What is the method to transform the image from the sensor coordinates into the original object plane/coordinates? Is this the itk::AzimuthElevationToCartesianTransform or is there no transform for this case in ITK?
The way you have drawn it, similarity (rigid + isotropic scaling) should suffice. Maybe there is some distortion component which you are not accounting for?
I agree, it is a simple linear projection transform, we don’t usually call this distortion. Radial distortion, S distortion, etc. were indeed problems for fluoroscopy systems that used image intensifier. Current fluoro systems use digital flat panel detectors that do not suffer from these issues.
The transformation from the object plane to the image plane is a simple uniform scaling. You can convert 3D coordinates to coordinates on the image plane by multiplying with a homogeneous transformation matrix.
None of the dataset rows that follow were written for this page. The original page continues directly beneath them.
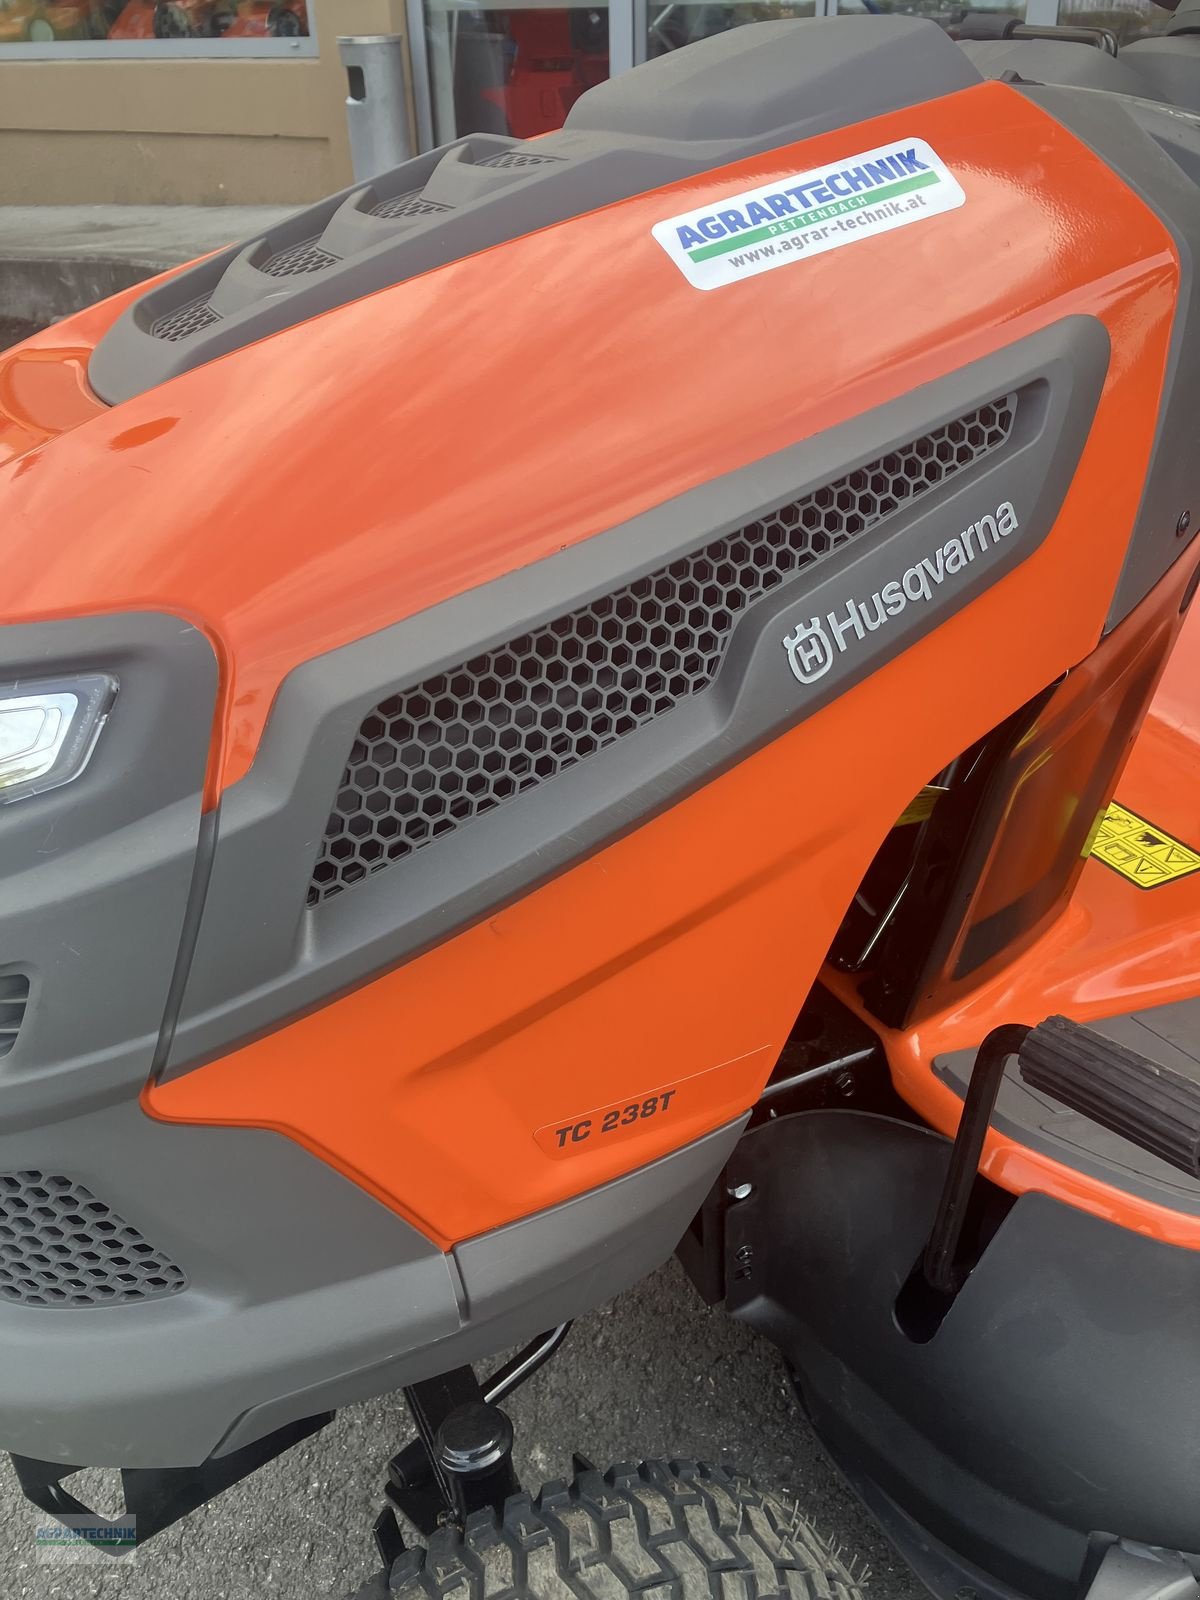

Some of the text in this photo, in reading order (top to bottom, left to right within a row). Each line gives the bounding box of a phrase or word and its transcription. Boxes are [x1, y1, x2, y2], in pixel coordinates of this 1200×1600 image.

[675, 148, 930, 249] AGRARTECHNIK
[728, 193, 927, 268] www.agrar-technik.at
[768, 196, 868, 235] PETTENBACH
[827, 501, 1019, 652] Husqvarna
[555, 1090, 676, 1148] TC 238T
Yes, that diagram doesn’t show the full picture. However, I have prepared a couple of phantom scans, which demonstrate the radial distortion. And yes, Andras, I am dealing with an image intensifier type of scanner.
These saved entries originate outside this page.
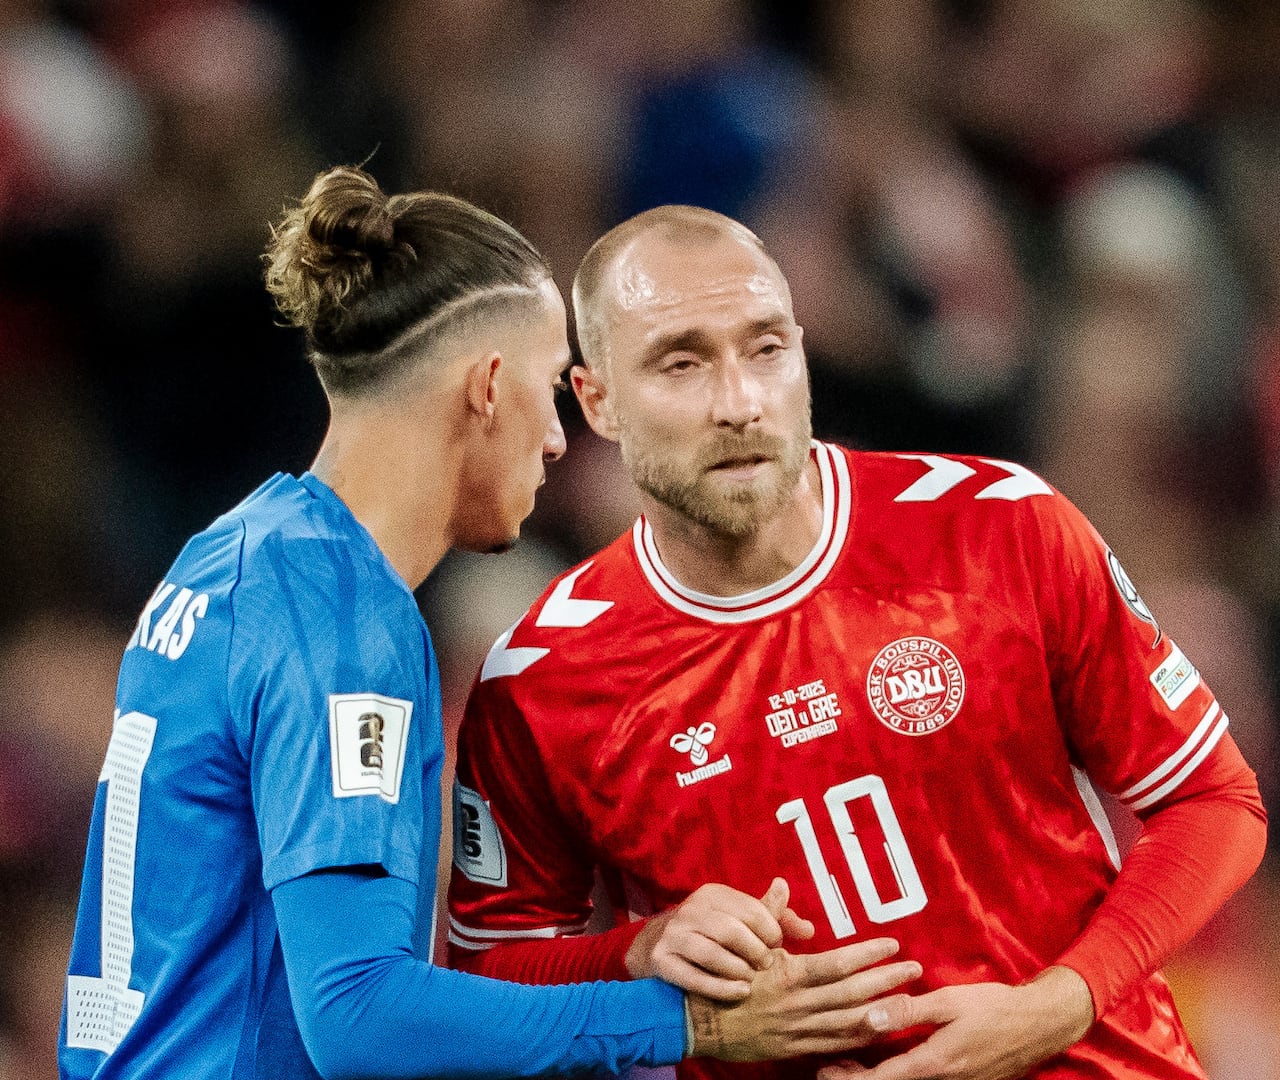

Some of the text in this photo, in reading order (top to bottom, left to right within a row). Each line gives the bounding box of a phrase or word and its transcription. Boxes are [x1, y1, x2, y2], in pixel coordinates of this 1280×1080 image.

[870, 674, 903, 728] DANSK
[943, 658, 962, 712] UNION
[885, 665, 946, 705] DBU
[764, 707, 799, 738] DEN
[807, 692, 842, 723] GRE
[907, 713, 945, 733] 1889
[675, 753, 733, 788] hummel
[775, 774, 929, 940] 10
The phantom I’ve put together is just a bunch of 10 mm ballbearing balls, spaced at 2 cm sitting on radial lines embedded in a sheet of 10 mm acrylic.
This image is the phantom sitting directly on the image intensifier:
And the following image is the same phantom, 20 cm away from the intensifier:
You may observe, that the further away from image centre we are, the more those balls start to resemble grapes, on their way towards the ladyfinger variety.
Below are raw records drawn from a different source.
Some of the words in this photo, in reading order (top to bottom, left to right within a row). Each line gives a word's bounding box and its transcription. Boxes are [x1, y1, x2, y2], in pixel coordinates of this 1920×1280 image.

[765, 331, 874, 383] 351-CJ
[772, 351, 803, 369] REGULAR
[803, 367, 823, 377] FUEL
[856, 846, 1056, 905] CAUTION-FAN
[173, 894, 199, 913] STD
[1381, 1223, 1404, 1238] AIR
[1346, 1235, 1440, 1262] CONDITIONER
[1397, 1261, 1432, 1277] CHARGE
So, what sort of transform would fit here? It doesn’t seem that neither translation or anything istotropic would do, would it?
Image intensifier distortion correction in fluoro systems has extensive literature, so I would not go into details here. Just a few specific suggestions:
use a uniform grid pattern: the point arrangement in your image above is highly-non-uniform (there are many points near the center and huge gaps elsewhere), which would make it difficult to compute a smooth and accurate displacement field
you can use ITK bspline or thin-plate spline transform to get a smooth displacement field from a modest number of points; and you can then compute the distortion-corrected image by warp image filter
This subject brings back long lost memories, 22-23 years ago, we worked on this: Livyatan et al., “Robust Automatic C-Arm Calibration for Fluoroscopy-Based Navigation: A Practical Approach”, MICCAI 2002. The challenge there was detecting the pattern under occlusions as we were using an online calibration approach. Camera calibration is computed for each image because the C-arm deforms due to gravity so each orientation has different camera parameters.
The section on creating a Radial Distortion in this jupyter notebook may be of interest too. You are dealing with the inverse problem, but simulating radial distortion may help you in debugging.